Innovation, Science and Economic Development Minister Navdeep Bains this week will announce funding amounts for three of the five groups, each comprised of dozens of companies, research institutions and business associations. All five have reached agreements-in-principle with Ottawa and final deals will be inked starting this week.

“We’re really kick-starting five major engines of growth,” Mr. Bains said in an interview. “Now this becomes more real. It’s literally a matter of weeks when the money will start to flow.”

Ottawa is giving $230-million to an Ontario initiative aiming to bring cutting-edge technology from the Toronto-Waterloo corridor to Ontario’s manufacturing stalwarts. The consortium, backed by auto parts maker Linamar Corp. and foreign-owned companies such as ArcelorMittal Dofasco and Siemens AG has pledged $800-million in cash and in-kind contributions.

The government is also giving $153-million to an initiative to develop new markets for the Prairies’ plant protein producers, and an equal amount to an Atlantic Canada group looking to bring together players in traditional ocean industries such as fishing and oil drilling to co-develop commercial ideas.

Sharing the remaining $414-million are a Quebec-based initiative to use technologies such as artificial intelligence to improve supply chains, and a B.C.-based “digital technology” supercluster. The exact amounts will be announced in the next month.

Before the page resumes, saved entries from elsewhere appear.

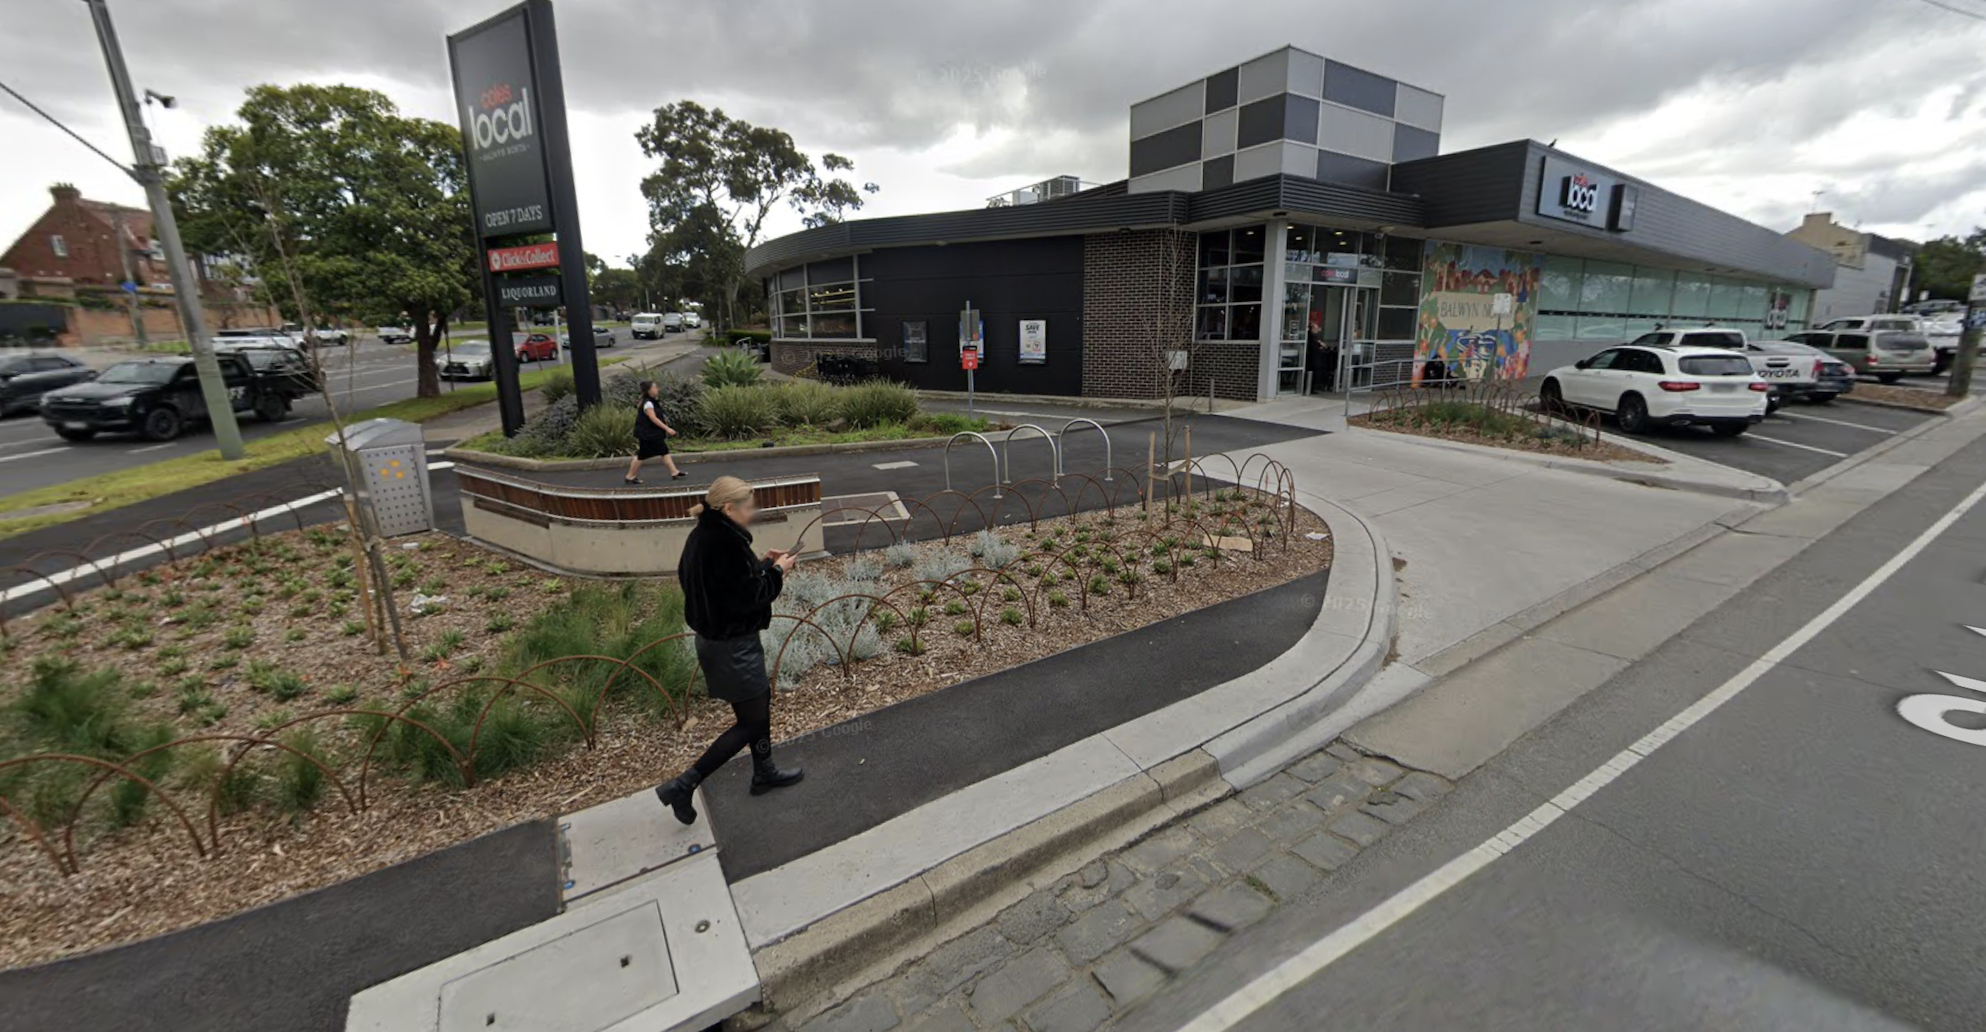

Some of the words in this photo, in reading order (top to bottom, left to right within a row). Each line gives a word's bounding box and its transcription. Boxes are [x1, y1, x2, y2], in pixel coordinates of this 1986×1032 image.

[468, 86, 533, 150] local
[485, 209, 509, 228] OPEN
[509, 208, 516, 223] 7
[517, 204, 543, 222] DAYS
[501, 285, 557, 301] LIQUORLAND
[1441, 302, 1479, 318] BALWYN

The government named the winners in February and has promised its funding, which will be more than matched by supercluster group members, will help create 50,000 jobs and $50-billion-plus in economic activity over the coming decade.

The money will be used by each group to fund collaborative commercial projects proposed by groupings of its members. “This is really about a group of individuals, sometimes who compete against one another … coming together to talk about common interests and common goals,” Mr. Bains said.

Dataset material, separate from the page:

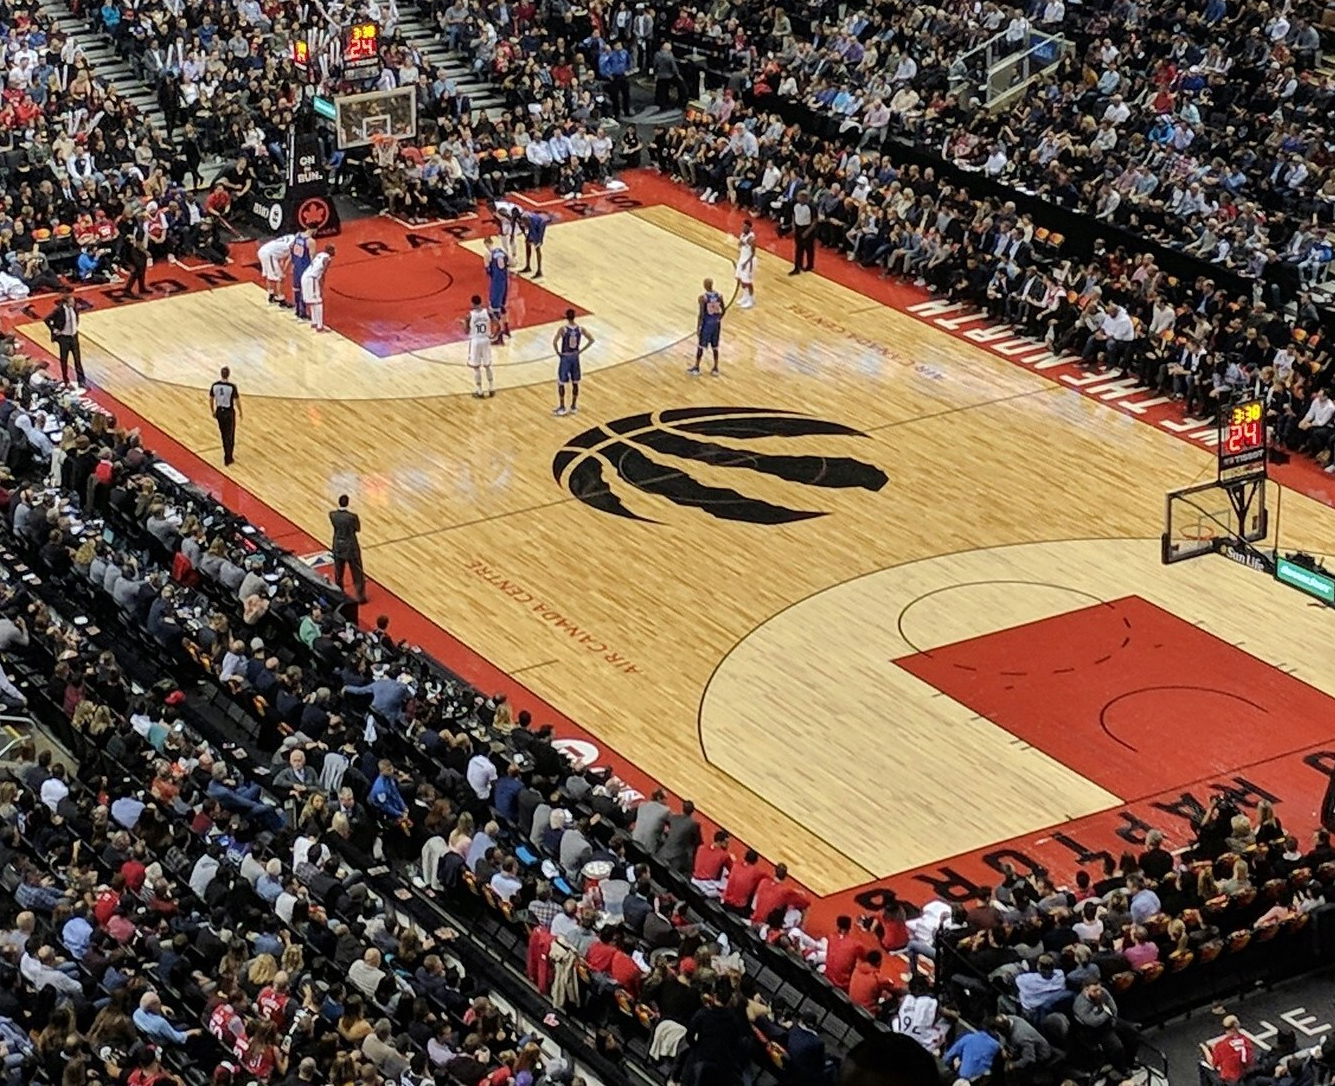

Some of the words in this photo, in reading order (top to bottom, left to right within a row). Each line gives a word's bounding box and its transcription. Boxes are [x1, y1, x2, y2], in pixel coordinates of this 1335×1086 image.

Under their deals with government, each agency must publish a five-year strategy in the next year, based on specific commitments about how they will develop skills, support research and development, employ a diverse work force and other criteria. The agencies must publicly report financial statements, industry matching amounts committed and detail funded projects and outcomes annually.

Jayson Myers, chief executive of the Ontario group, said his agency is set to green light eight initial projects that will use at least $30-million of its government capital. “Our objective is to accelerate the adoption of technology in manufacturing and accelerate the scale-up of new technologies in manufacturing,” he said.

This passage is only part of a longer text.